As you can imagine, these steps are extremely data-heavy and computation-intensive, requiring a considerable amount of powerful hardware (e.g., powerful CPU/GPU, RAM, and data storage) to perform real-time and complex computation. Furthermore, installing “many” sensors in and around the equipment is not a trivial task either. Integration or retrofit of extra sensors and computational resources into the existing equipment might not be always feasible. It will require considerable engineering of its own even if so. Another big hurdle for enabling CBM is the support for power and network. How do we power the newly retrofitted sensors and computational resources? How does a final message from one sensor reach the decision-maker?

Powering a CPS

Let us ponder on the first question. If there is a nearby power outlet for a retrofit cyber-physical system (CPS) – a recent trending name for sensor nodes, embedded systems, or Internet of Things (IoTs) – it would be an easy solution. However, not only multiple feet or meters of dangling wires from our CPS to a nearby power outlet are unsightly, but also pose various risks to the host environment: electrical and mechanical safety (after all these are vibrating or moving mechanical systems); noise and security concerns for the host systems’ electrical grid; and potential electromagnetic interference (EMI).

Because of these concerns, the “retrofit” CPS in many cases are expected to be power-independent with no grid access allowed. Then, how do we create a “non-intrusive” power supply for a CPS? A large enough battery pack might come as an attractive solution at first.
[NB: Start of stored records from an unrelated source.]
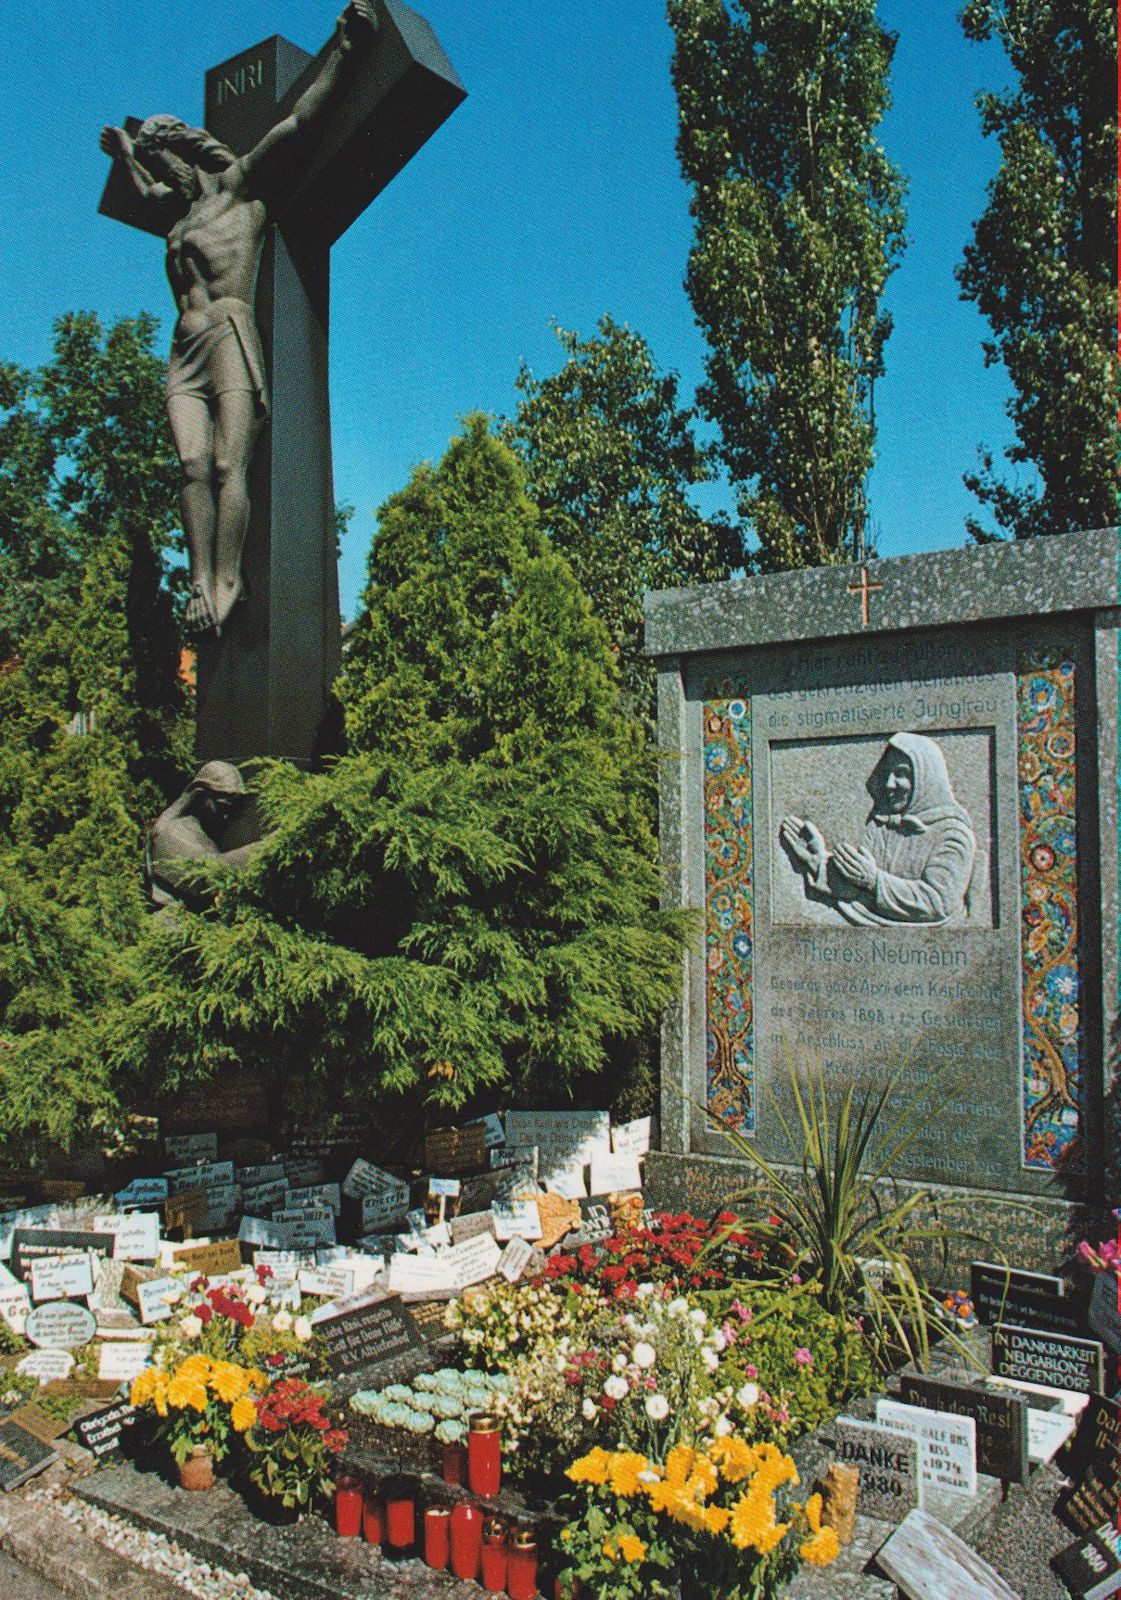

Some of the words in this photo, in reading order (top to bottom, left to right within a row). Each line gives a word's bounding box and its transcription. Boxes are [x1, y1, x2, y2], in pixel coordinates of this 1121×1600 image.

[217, 59, 263, 104] INRI
[768, 710, 789, 728] die
[797, 703, 905, 730] stigmatisierte
[914, 697, 998, 720] Jungfrau
[799, 939, 863, 964] Theres
[871, 942, 968, 967] Neumann
[852, 1006, 885, 1023] 1898
[994, 1332, 1009, 1346] IN
[1011, 1334, 1096, 1363] DANKBARKEIT
[1004, 1348, 1088, 1377] NEUGABLONZ
[998, 1362, 1090, 1390] DEGGENDORF
[842, 1440, 910, 1474] DANKE
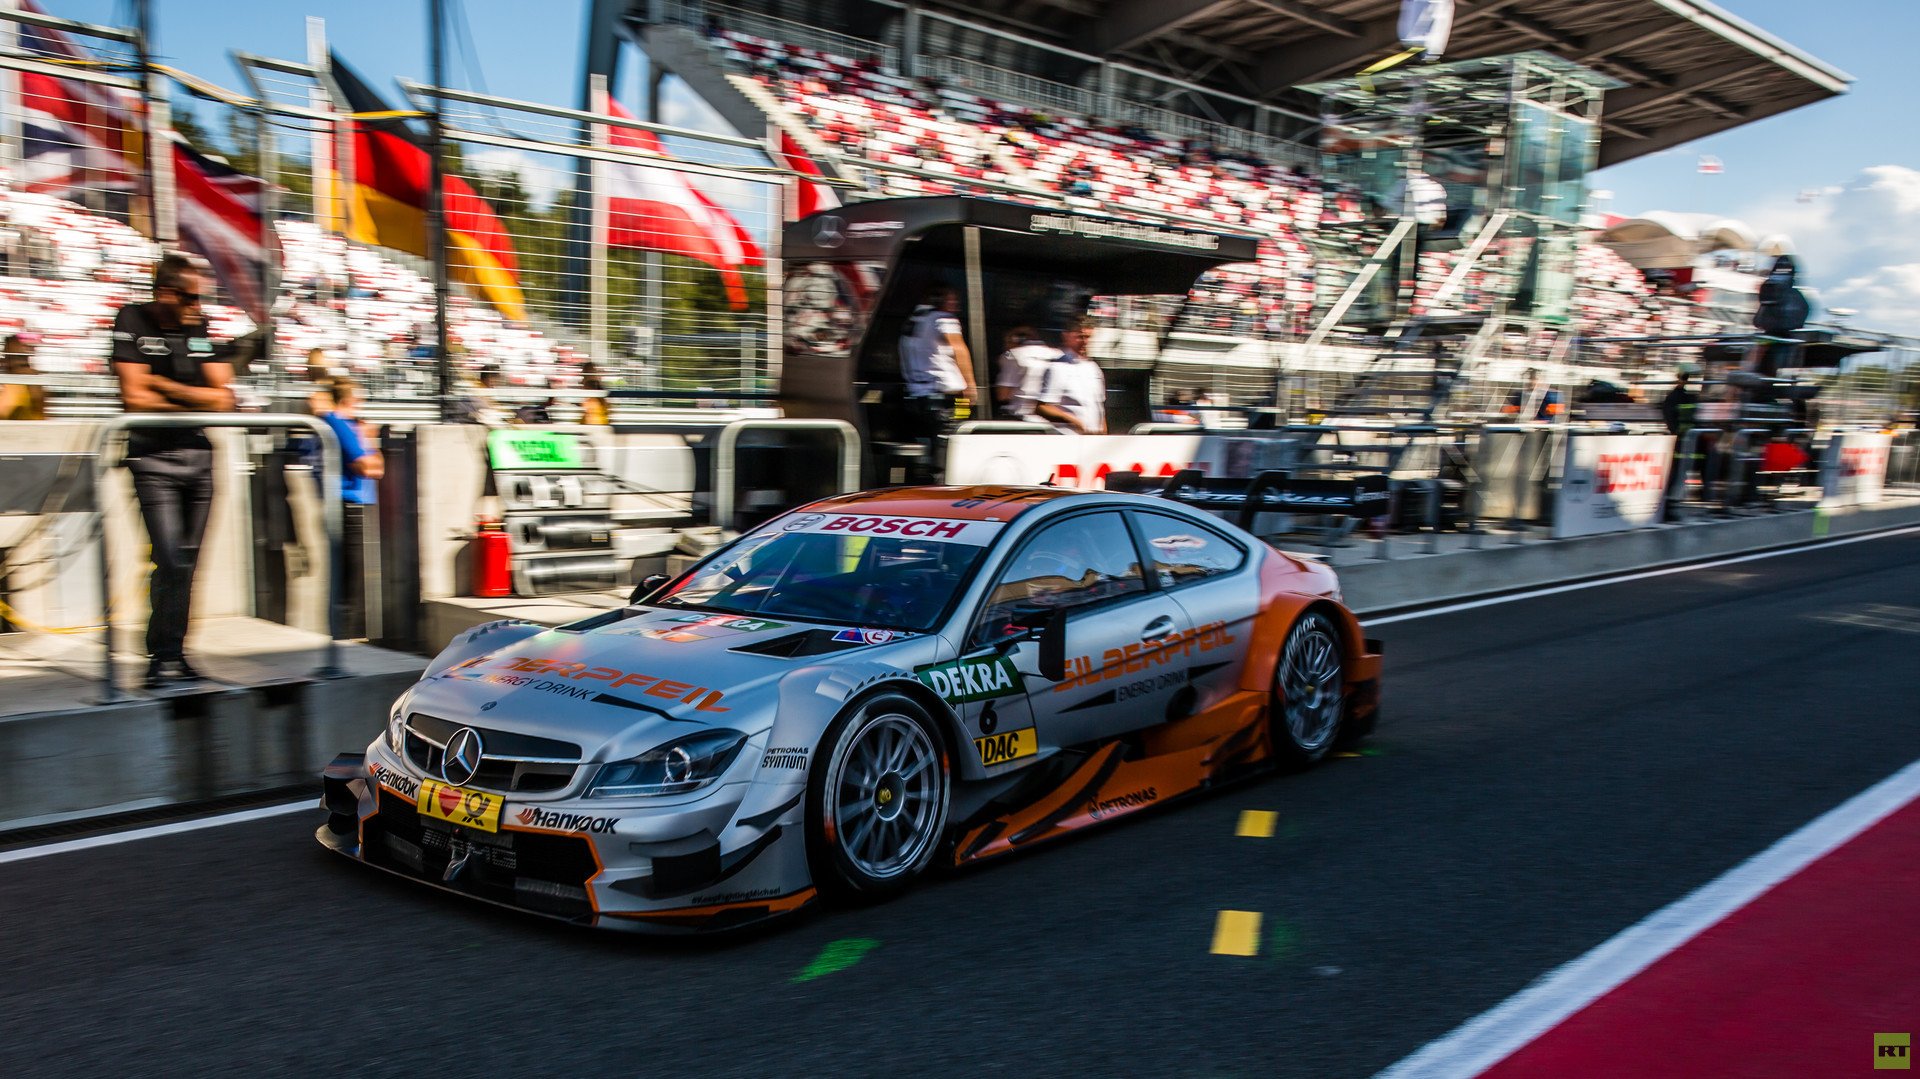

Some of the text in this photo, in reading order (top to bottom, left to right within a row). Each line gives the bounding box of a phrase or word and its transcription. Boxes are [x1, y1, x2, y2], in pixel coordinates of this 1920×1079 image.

[820, 517, 970, 538] BOSCH
[679, 614, 766, 631] DRA
[1052, 620, 1237, 693] SILBERPFEIL
[534, 681, 597, 700] DRINK
[929, 660, 1013, 698] DEKRA
[979, 700, 998, 734] 6
[766, 747, 809, 755] PETRONAS
[1099, 786, 1158, 814] PETRONAS
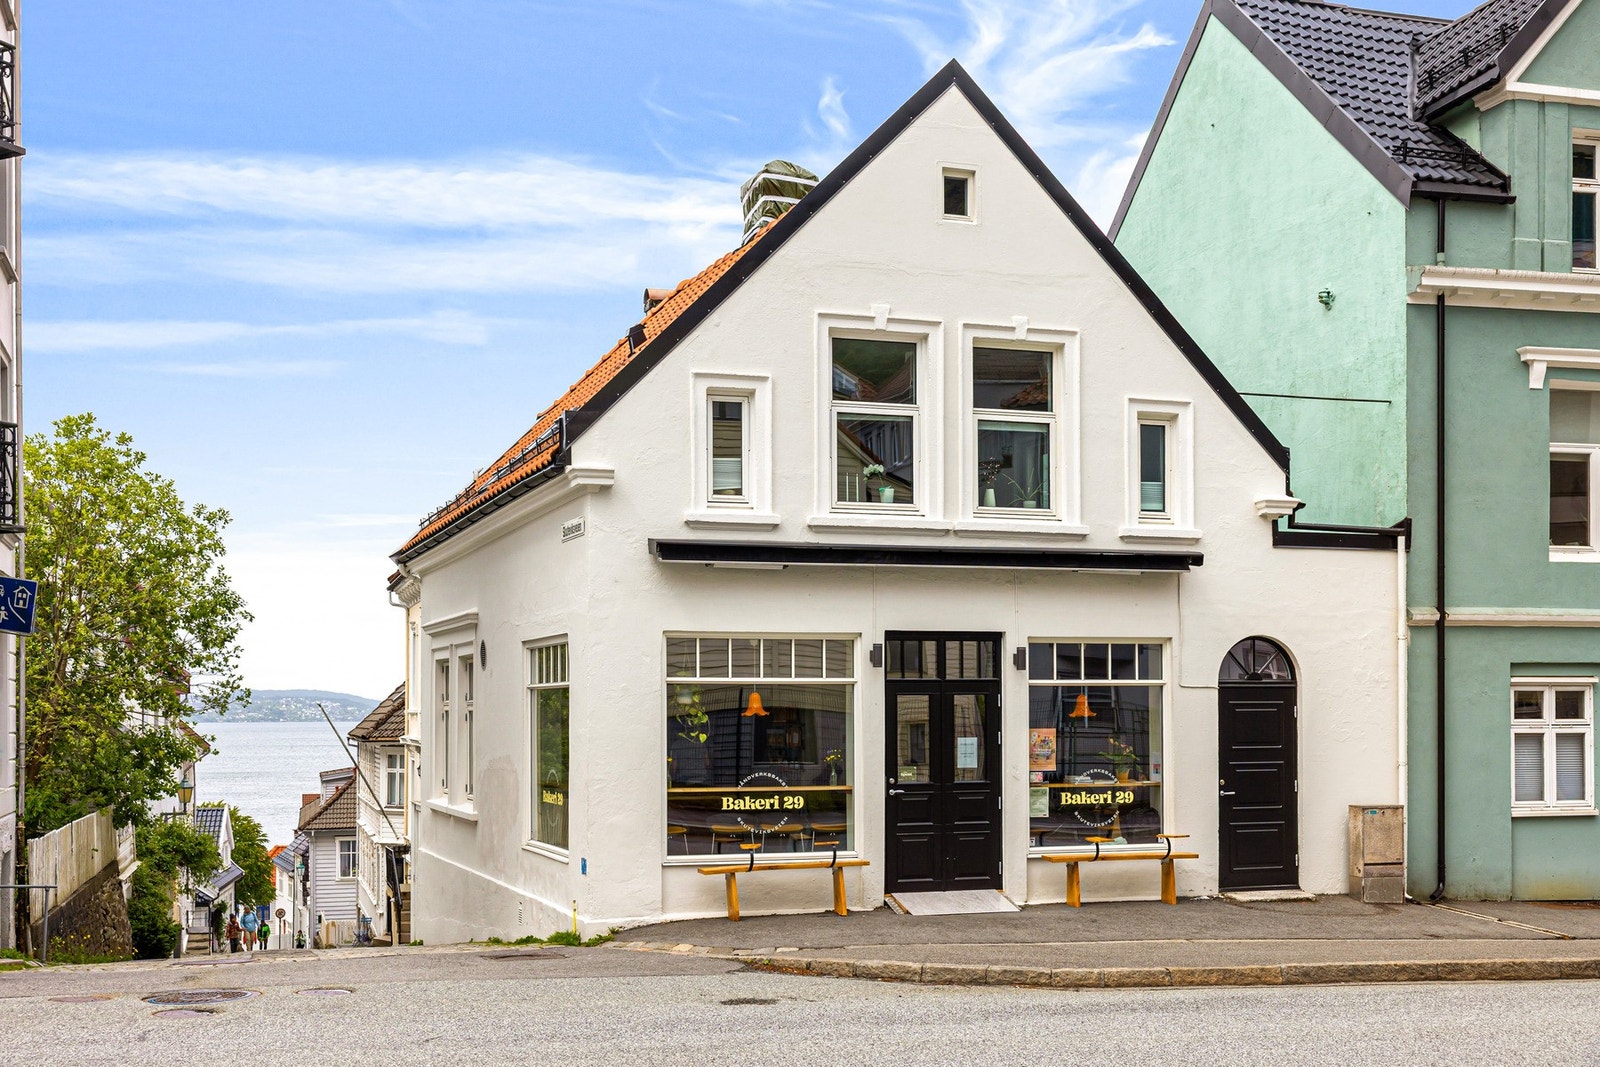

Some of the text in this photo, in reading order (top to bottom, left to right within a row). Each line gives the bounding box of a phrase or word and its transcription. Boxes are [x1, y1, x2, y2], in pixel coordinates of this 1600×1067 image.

[721, 795, 804, 810] Bakeri 29
[1060, 790, 1112, 805] Bakeri
[1115, 790, 1134, 804] 29
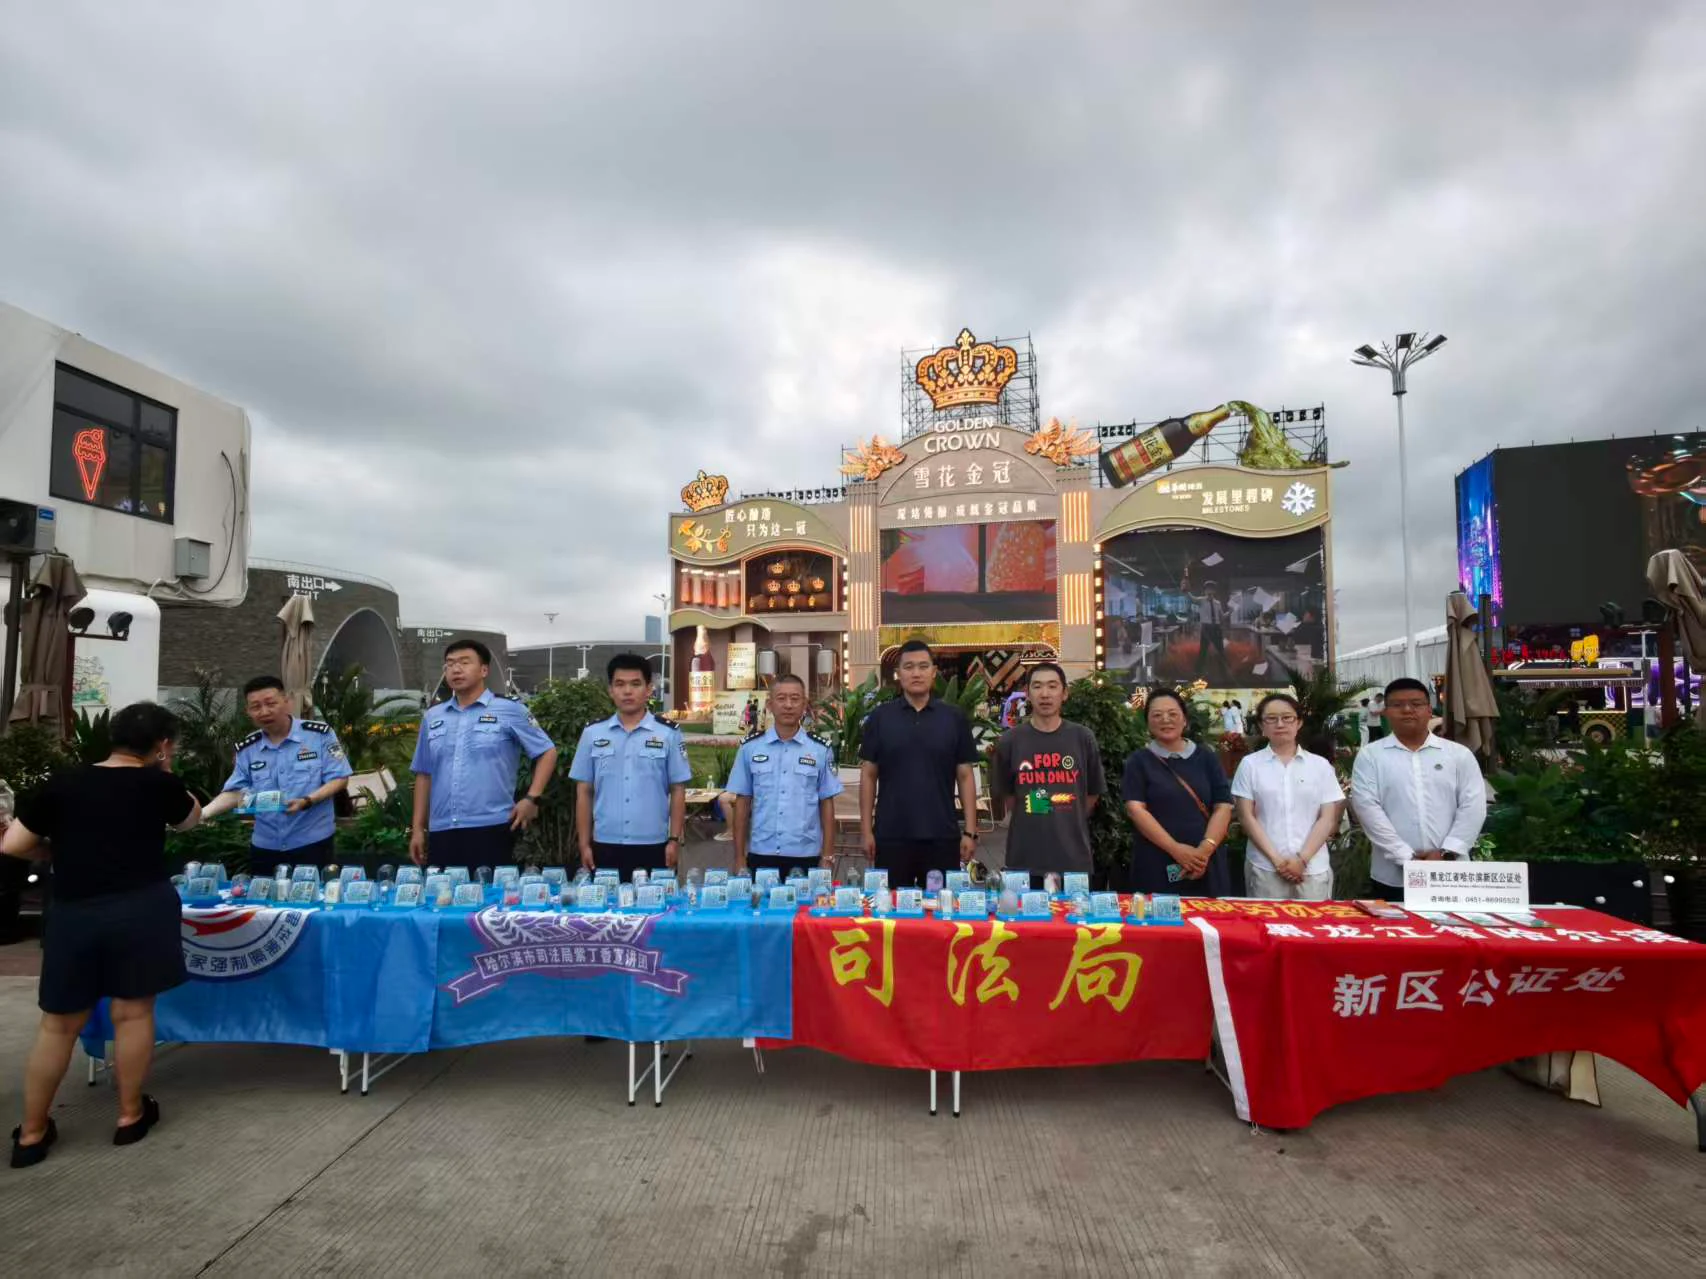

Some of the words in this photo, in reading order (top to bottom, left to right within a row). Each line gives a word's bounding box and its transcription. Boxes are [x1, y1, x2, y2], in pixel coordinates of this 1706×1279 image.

[934, 417, 993, 433] GOLDEN
[924, 432, 1000, 453] CROWN
[913, 460, 1010, 489] 雪花金冠
[1202, 487, 1273, 506] 发展里程碑
[1202, 505, 1249, 514] MILESTONES
[746, 520, 807, 537] 只为这一冠
[287, 574, 325, 590] 南出口
[417, 628, 444, 638] 南出口
[1034, 752, 1061, 769] FOR
[1019, 771, 1045, 785] FUN
[1047, 769, 1080, 784] ONLY
[1430, 871, 1522, 884] 黑龙江省哈尔滨新区公证处
[183, 911, 302, 974] 家强制隔离戒毒
[484, 946, 649, 972] 哈尔滨市司法局紫丁香宣讲团
[830, 917, 1143, 1012] 司法局
[1332, 965, 1626, 1018] 新区公证处
However, battery alone is not a lasting solution as it eventually needs to be replaced or recharged – periodic maintenance! This essentially leaves a self-powering mechanism (i.e., wireless power transfer or energy harvesting) as the only option.

Wireless power transfer (WPT), regardless of whether it is inductive or capacitive, can send a significant amount of power through medium like air easily up to a kW level. However, it requires a dedicated transmitter on the grid/host side, bringing up the “intrusiveness” issue again at a much grander scale than dangling wires. Unless the WPT is already designed in in the host system, the high intrusiveness makes it an unattractive solution, especially when a small CPS for monitoring purposes consumes mWs or Ws at most.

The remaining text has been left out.